Any help would be much appreciated.

Zach
  • 2,445
  • 3
  • 20
  • 25
  • This is an aside, but how does 'mean.R' call 'summary.c'? I do not understand how '.Internal(mean(x))' calls 'summary.c'. Thanks for any pointers on how the two files are connected. Sorry if this is too far removed from your question. I am just hoping to learn. – Mark Miller Jul 25 '13 at 20:11
  • 3
    @MarkMiller: All the `.Internal` calls are mapped in `src/main/names.c`. Search that file for "mean" and you'll see what C function calls it. Then you can search the source files for that C function. See [this question](http://stackoverflow.com/q/13279256/271616). – Joshua Ulrich Jul 25 '13 at 20:12
  • Link to this same question on r-devel: https://stat.ethz.ch/pipermail/r-devel/2013-July/067053.html – Brian Diggs Jul 26 '13 at 17:23

2 Answers2

15

I'm not sure what algorithm this is, but Martin Maechler mentioned the updating method of West, 1979 in response to PR#1228, which was implemented by Brian Ripley in R-2.3.0. I couldn't find a reference in the source code or version control logs that listed the actual algorithm used. It was implemented in cov.c in revision 37389 and in summary.c in revision 37393.

Joshua Ulrich
  • 173,410
  • 32
  • 338
  • 418
  • Thanks for pointing me in the right direction, I'll have to track down a copy of this paper. – Zach Jul 25 '13 at 20:18
  • 1
    I don't think that is West's method. I just downloaded the paper and West proposes an one pass method for computing the variance - R uses a two-pass method for computing the mean. – hadley Jul 26 '13 at 13:22
  • We're talking about [this revision](https://github.com/wch/r-source/commit/54ddc5dc90c795e08c81607c80ed545aa92a8c5a), right? – hadley Jul 26 '13 at 13:27
  • @hadley: yes, that's the revision.
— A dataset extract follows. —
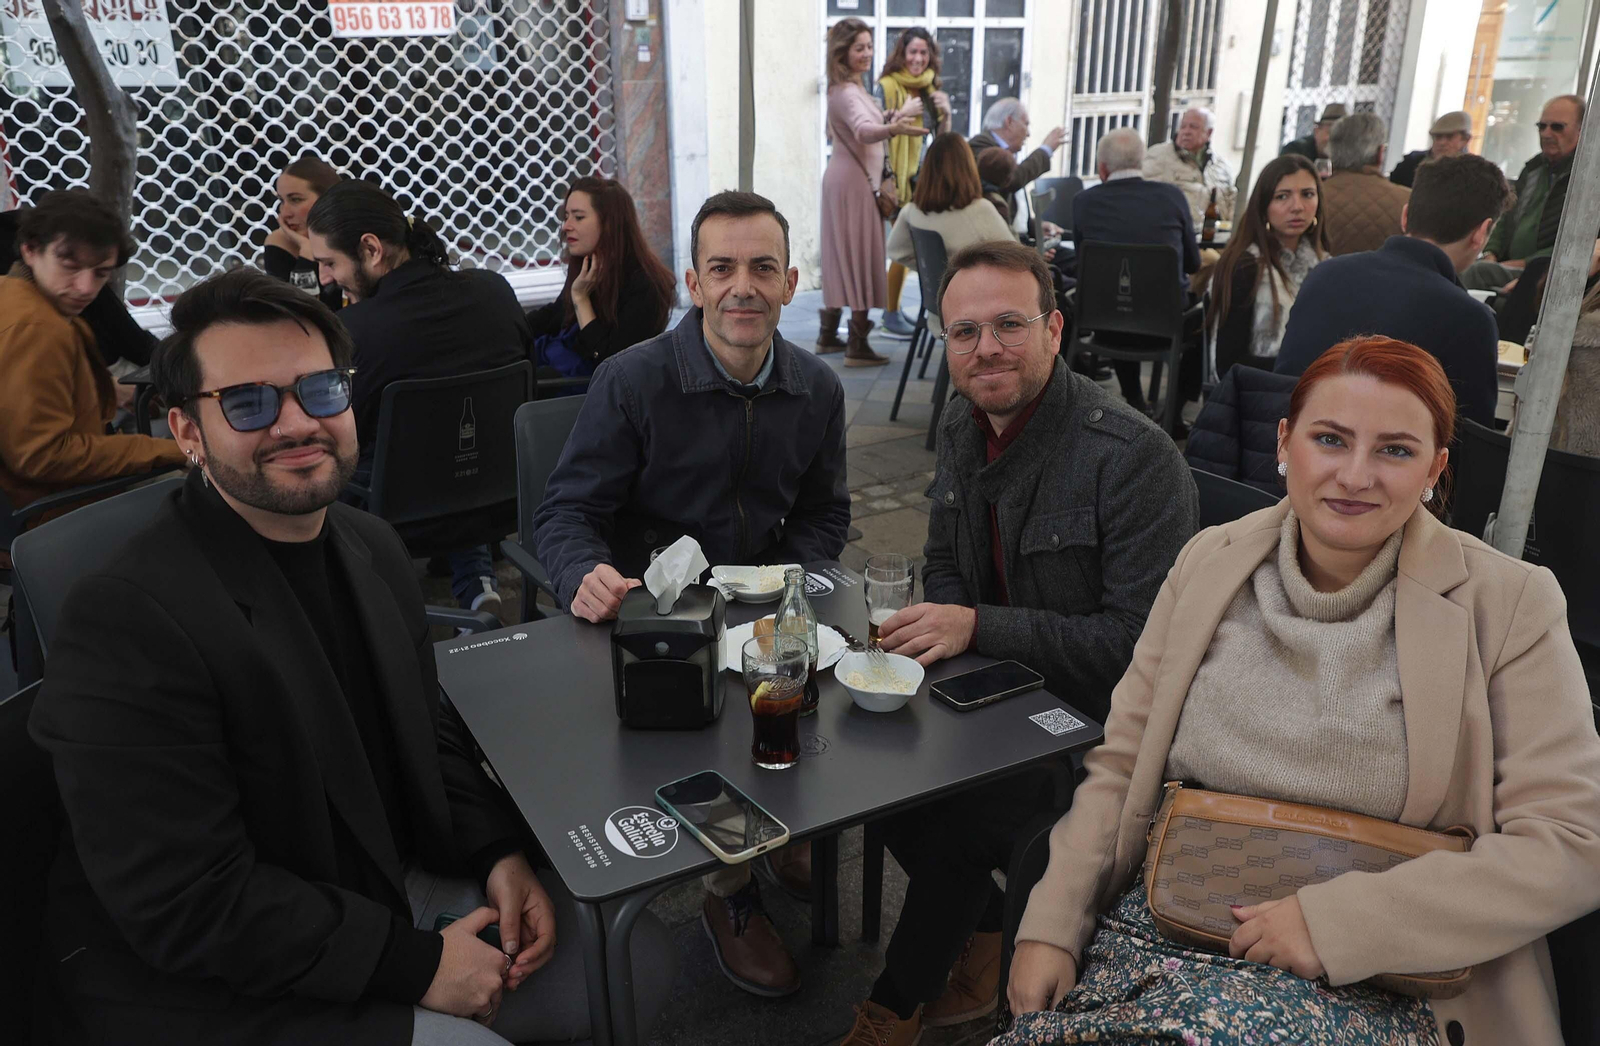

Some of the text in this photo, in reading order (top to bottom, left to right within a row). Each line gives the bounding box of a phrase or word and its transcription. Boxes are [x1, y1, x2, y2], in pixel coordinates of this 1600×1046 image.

Thanks for checking West's algorithm. – Joshua Ulrich Jul 26 '13 at 14:22
11

I believe the R algorithm works as follows.
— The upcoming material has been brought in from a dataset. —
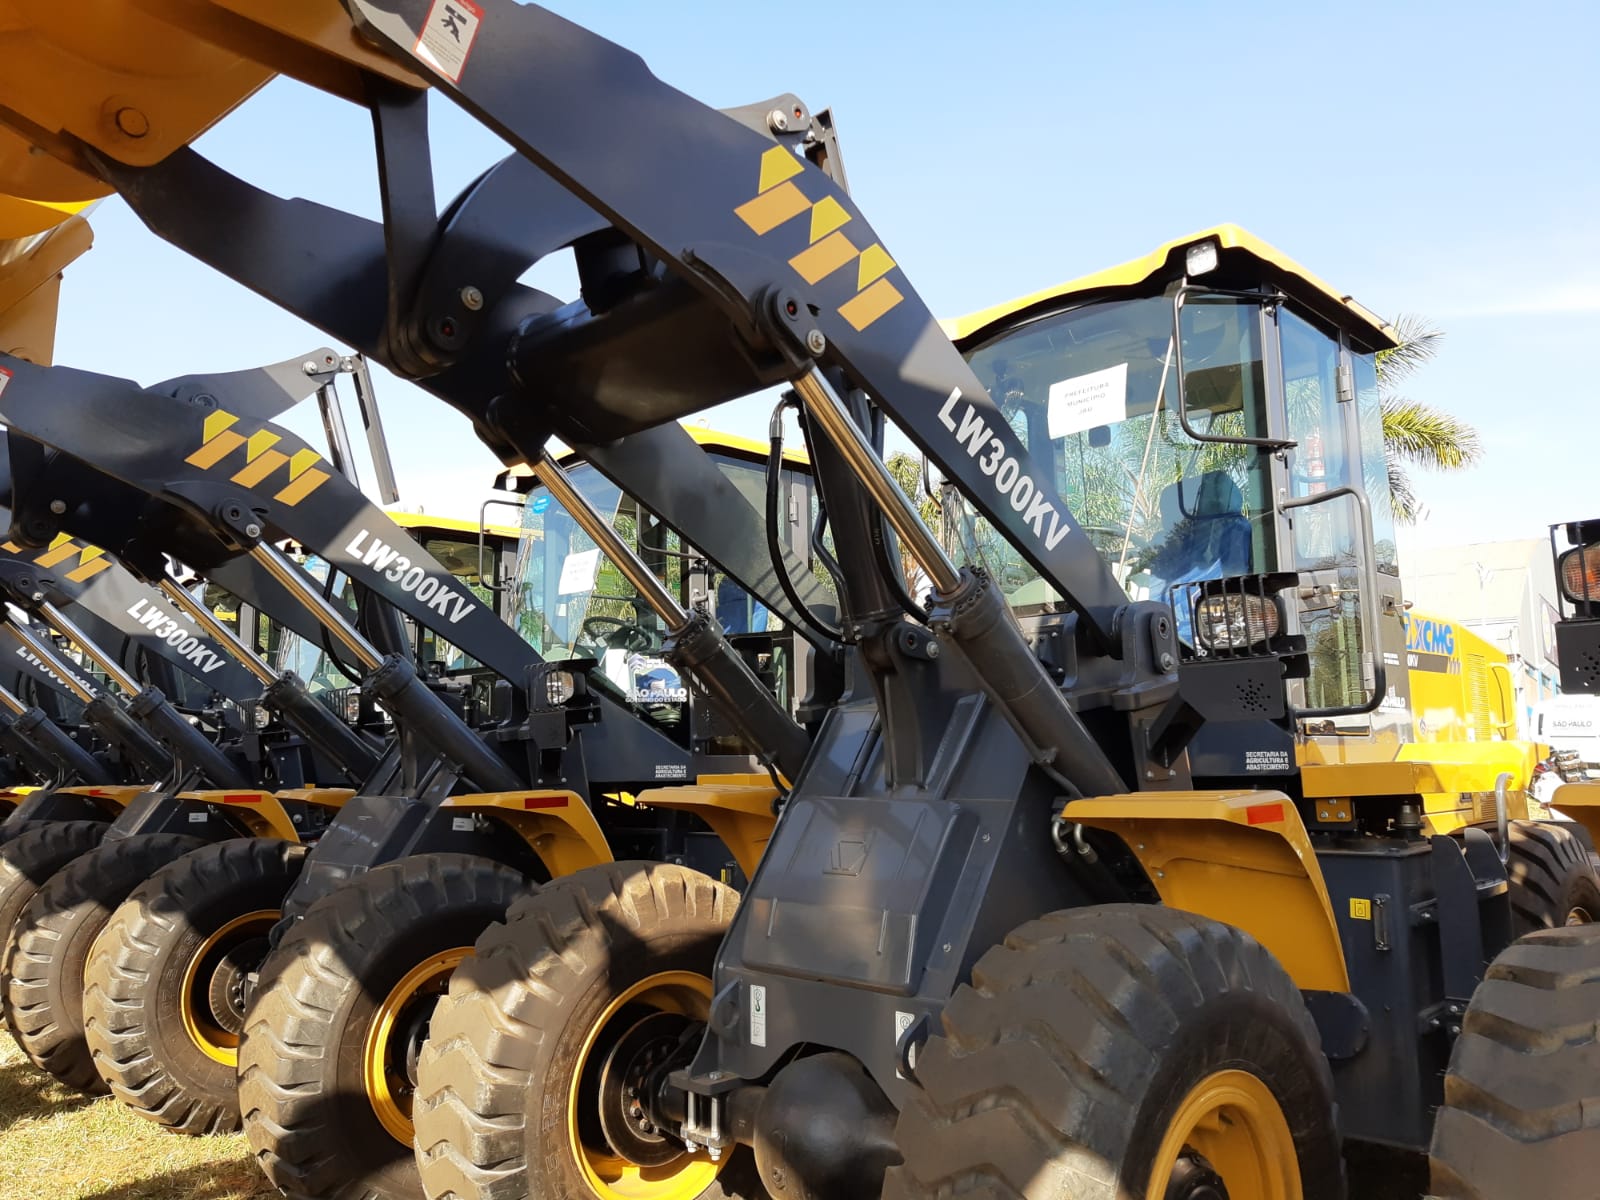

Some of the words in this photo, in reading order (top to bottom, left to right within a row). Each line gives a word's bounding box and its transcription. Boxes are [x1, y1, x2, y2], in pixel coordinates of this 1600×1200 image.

The first standard calculation of the mean is effectively an estimate of the algebraic mean, due to floating point errors (which gets worse the further the sum gets away from the elements being accumulated).

The second pass sums the differences of the elements from the estimated mean. There should be no net difference as the values on either side of the mean should balance out, but we have floating point error. The differences from the mean still have the potential for error, but these should be smaller than the worst potential difference between a element and the accumulating sum (at least the estimated mean lives somewhere within the range of values, while the summation may escape it). Dividing by N gives you the average difference from the mean, which you then use to nudge your initial estimate closer to the true mean. You could repeat this to get closer and closer, but at some point the floating point error in calculating the average difference from the mean will defeat you. I guess one pass is close enough.

This was explained to me by my wife.

I'm not sure where what the source of the algorithm is, and I'm not sure how this compares to other methods, such as Kahan summation. I guess I'll have to do some testing.

Zach
  • 2,445
  • 3
  • 20
  • 25